▶ [Task prompt]
The records below are to be copied word for word, with every picture left out.
*** Working data ***
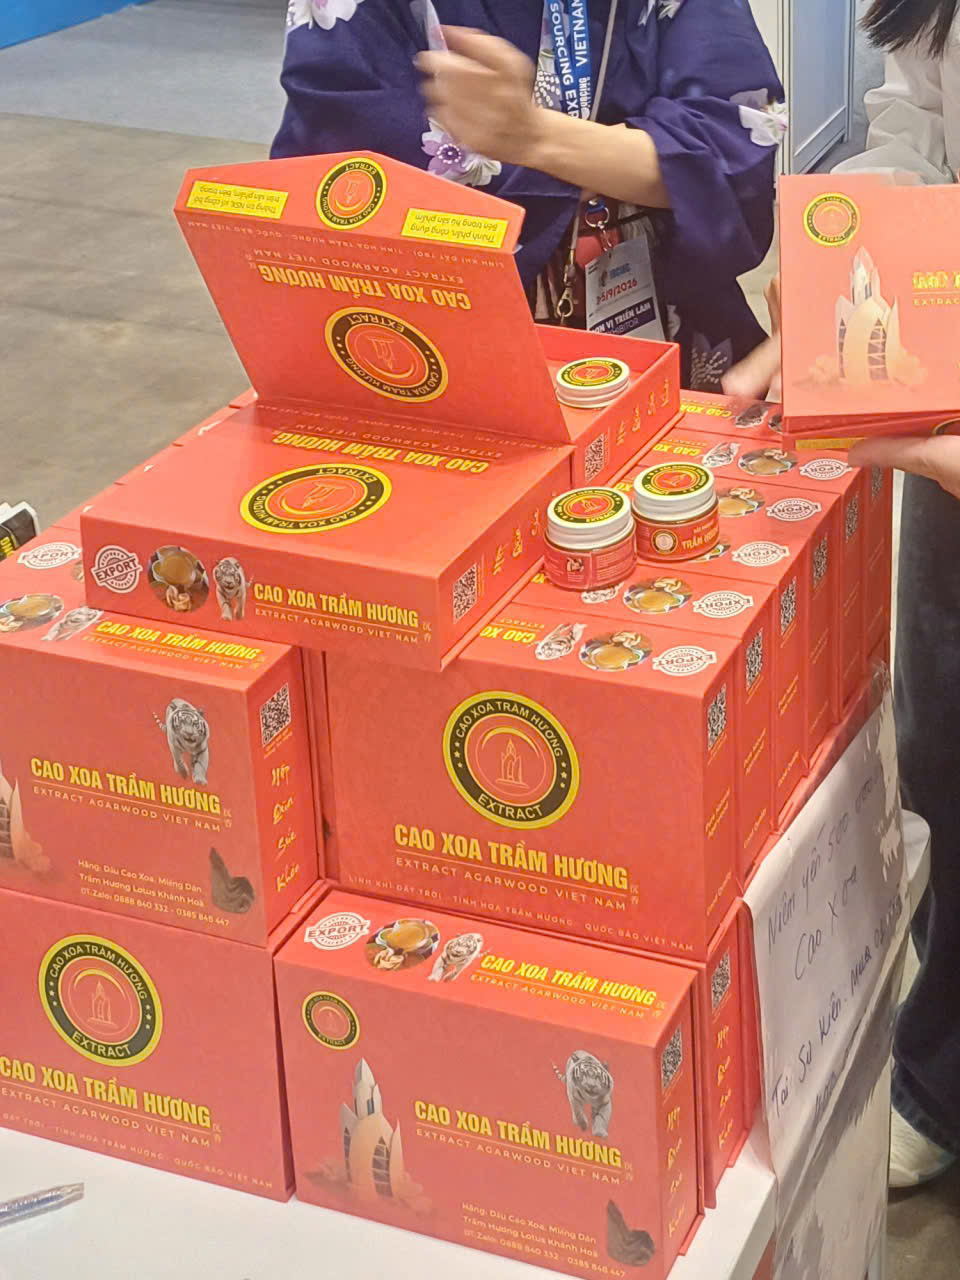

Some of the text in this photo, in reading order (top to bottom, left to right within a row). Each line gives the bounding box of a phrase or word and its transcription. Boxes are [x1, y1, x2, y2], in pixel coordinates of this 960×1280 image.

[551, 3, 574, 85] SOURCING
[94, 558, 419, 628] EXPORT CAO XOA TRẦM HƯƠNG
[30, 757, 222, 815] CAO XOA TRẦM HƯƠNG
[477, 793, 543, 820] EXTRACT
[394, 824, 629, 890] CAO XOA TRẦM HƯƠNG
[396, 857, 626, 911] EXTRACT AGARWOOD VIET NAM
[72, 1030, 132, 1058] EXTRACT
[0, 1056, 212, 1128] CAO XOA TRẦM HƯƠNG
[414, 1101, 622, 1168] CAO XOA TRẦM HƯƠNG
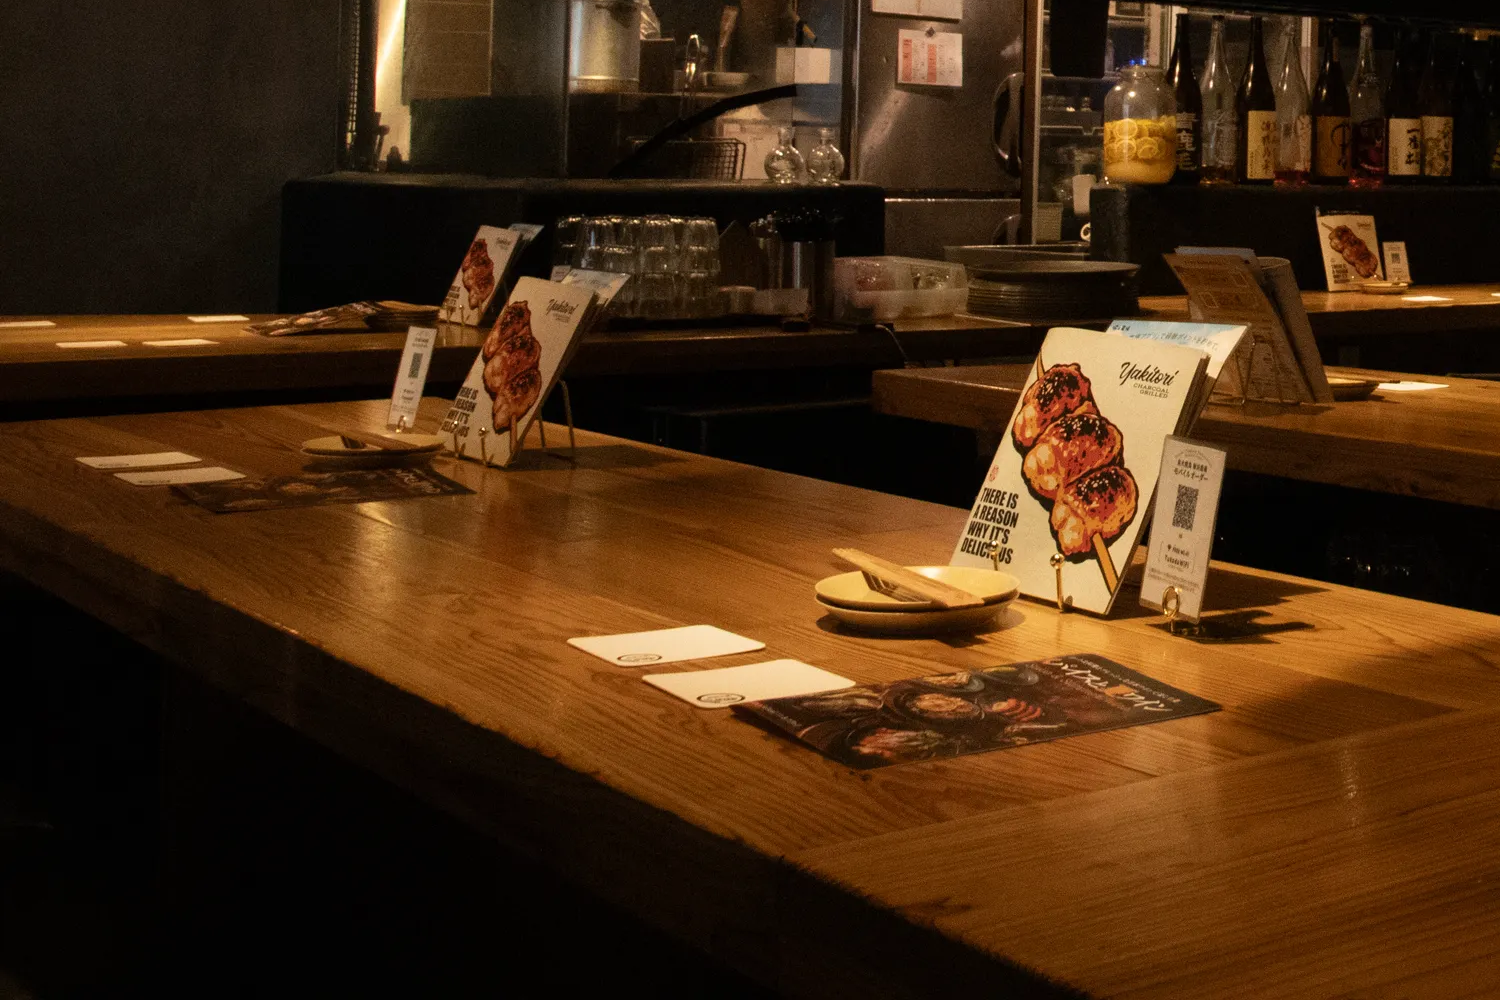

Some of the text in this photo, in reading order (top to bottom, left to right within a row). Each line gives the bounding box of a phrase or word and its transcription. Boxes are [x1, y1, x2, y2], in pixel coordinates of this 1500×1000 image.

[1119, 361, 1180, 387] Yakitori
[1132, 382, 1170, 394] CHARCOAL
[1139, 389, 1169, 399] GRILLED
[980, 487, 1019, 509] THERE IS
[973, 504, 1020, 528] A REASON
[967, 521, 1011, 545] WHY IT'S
*** End of Working data ***
▶ [Exercise solution]
Some of the text in this photo, in reading order (top to bottom, left to right within a row). Each line gives the bounding box of a phrase or word and its transcription. Boxes are [x1, y1, x2, y2], in pixel coordinates of this 960×1280 image.

[551, 3, 574, 85] SOURCING
[94, 558, 419, 628] EXPORT CAO XOA TRẦM HƯƠNG
[30, 757, 222, 815] CAO XOA TRẦM HƯƠNG
[477, 793, 543, 820] EXTRACT
[394, 824, 629, 890] CAO XOA TRẦM HƯƠNG
[396, 857, 626, 911] EXTRACT AGARWOOD VIET NAM
[72, 1030, 132, 1058] EXTRACT
[0, 1056, 212, 1128] CAO XOA TRẦM HƯƠNG
[414, 1101, 622, 1168] CAO XOA TRẦM HƯƠNG

Some of the text in this photo, in reading order (top to bottom, left to right within a row). Each line gives the bounding box of a phrase or word and its transcription. Boxes are [x1, y1, x2, y2], in pixel coordinates of this 1500×1000 image.

[1119, 361, 1180, 387] Yakitori
[1132, 382, 1170, 394] CHARCOAL
[1139, 389, 1169, 399] GRILLED
[980, 487, 1019, 509] THERE IS
[973, 504, 1020, 528] A REASON
[967, 521, 1011, 545] WHY IT'S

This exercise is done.